- **PROBLEM DESCRIPTION**: Apart from the pictures, every part of the records below gets retyped exactly.
═════ RECORDED DATA ═════
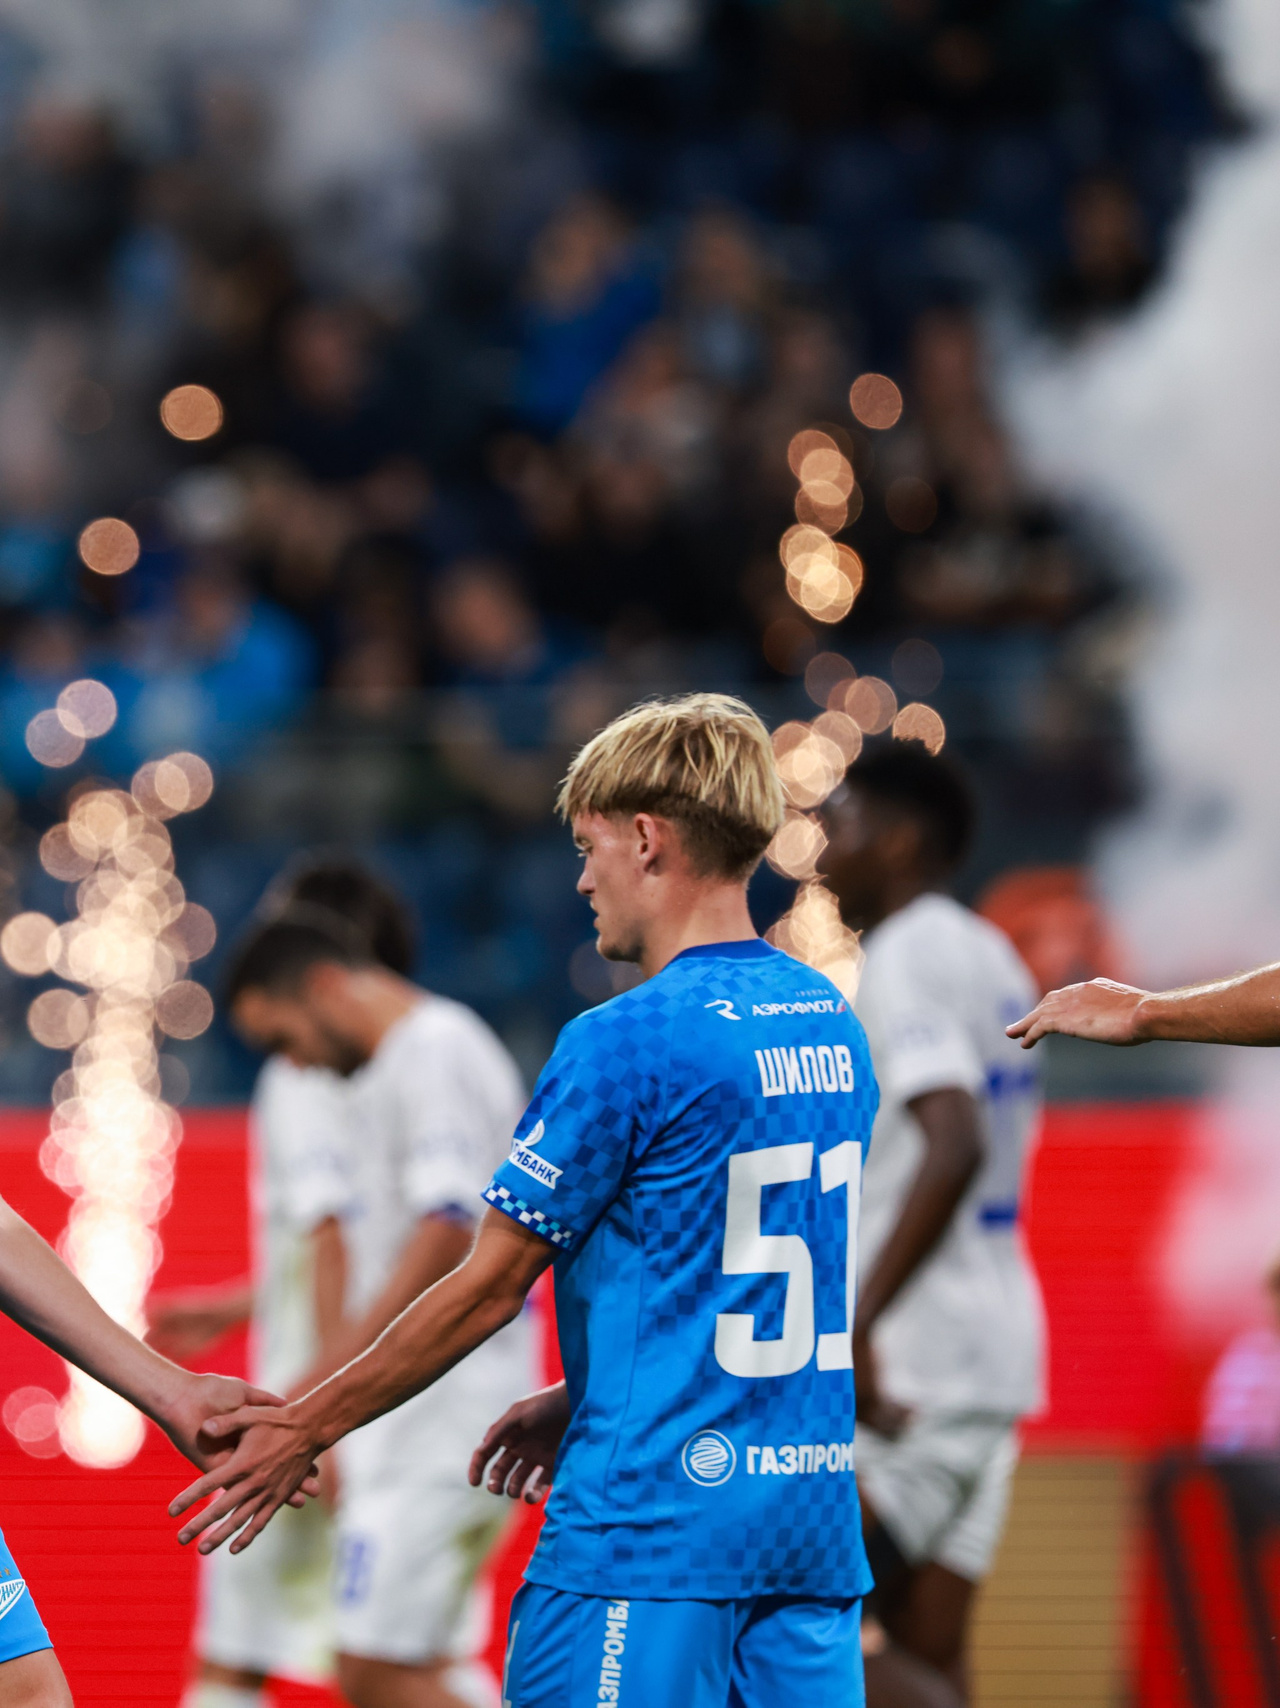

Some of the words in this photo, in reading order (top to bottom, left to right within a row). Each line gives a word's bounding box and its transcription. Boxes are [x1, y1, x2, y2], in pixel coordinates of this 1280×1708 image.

[752, 999, 835, 1017] АЭРОФЛОТ
[754, 1044, 855, 1098] ШИЛОВ
[513, 1149, 556, 1184] МБАНК
[713, 1139, 863, 1379] 51
[746, 1442, 856, 1476] ГАЗПРОМ
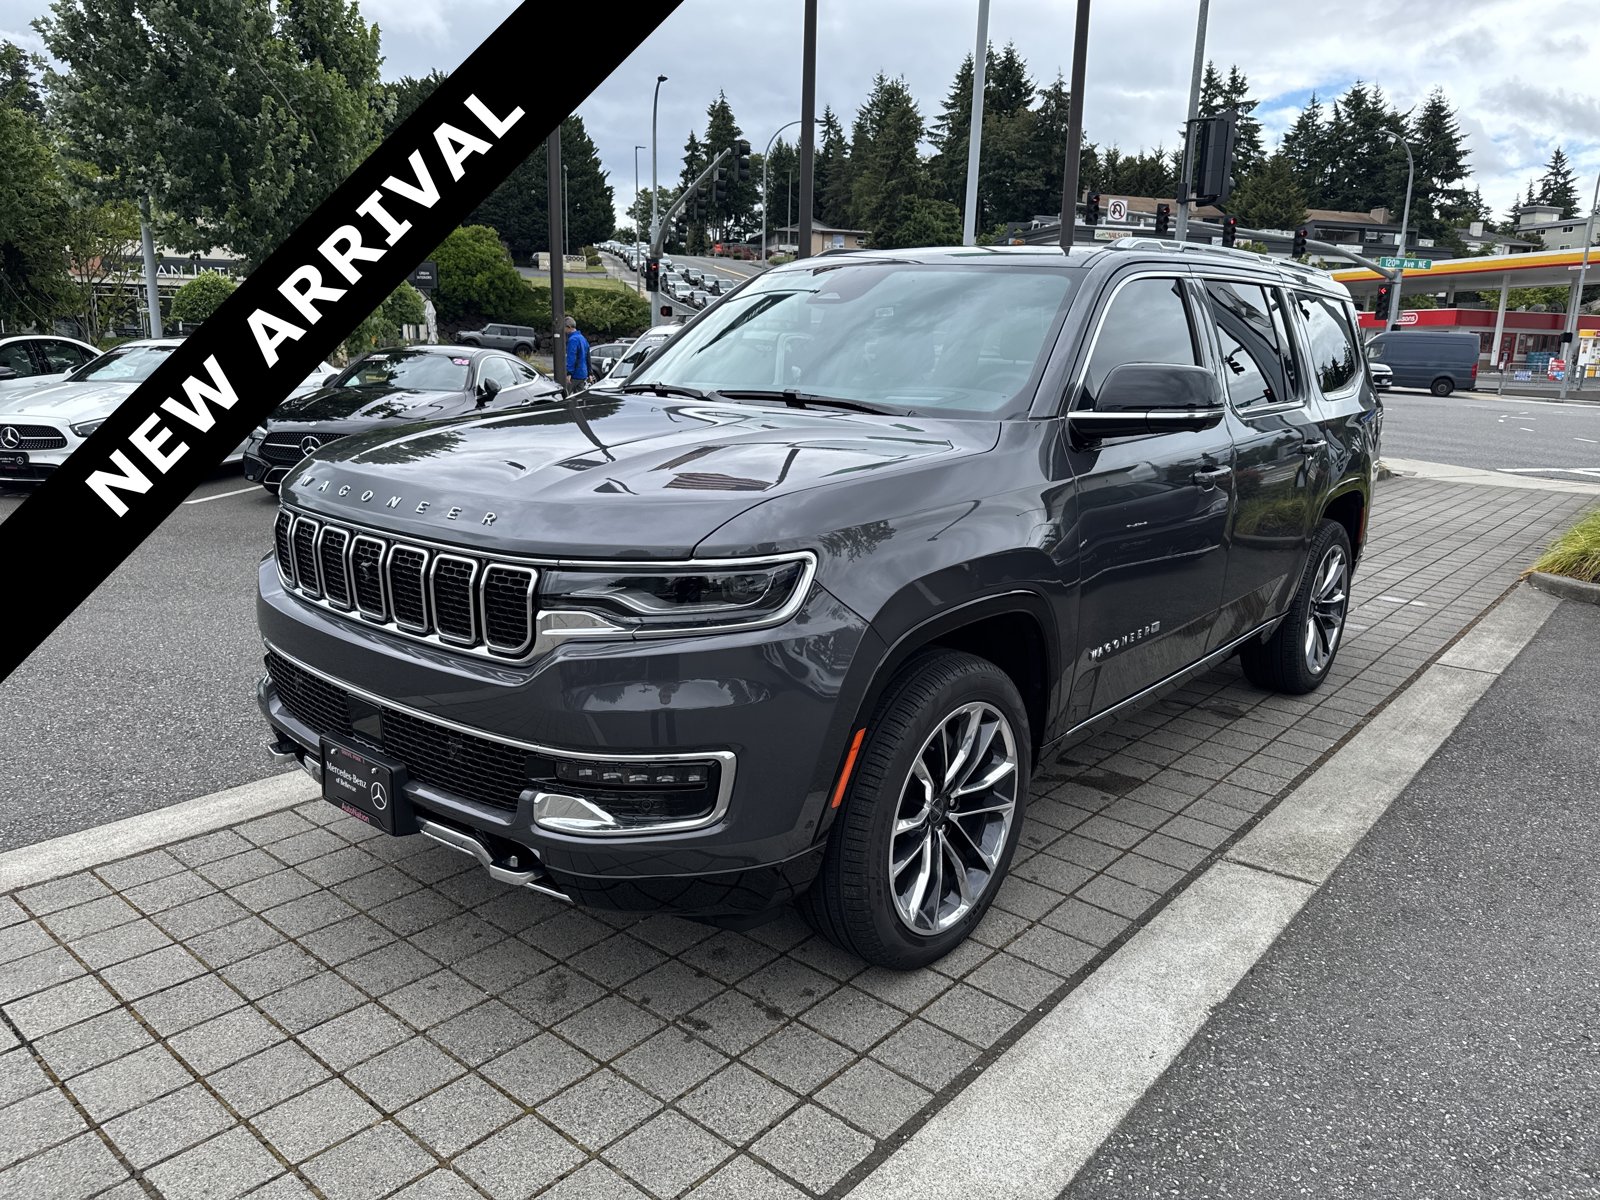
═════
- **REPLY**:
Some of the words in this photo, in reading order (top to bottom, left to right within a row). Each line gives a word's bounding box and its transcription. Boxes are [x1, y1, x2, y2], in pixel coordinates of this 1280×1708 image.

[752, 999, 835, 1017] АЭРОФЛОТ
[754, 1044, 855, 1098] ШИЛОВ
[513, 1149, 556, 1184] МБАНК
[713, 1139, 863, 1379] 51
[746, 1442, 856, 1476] ГАЗПРОМ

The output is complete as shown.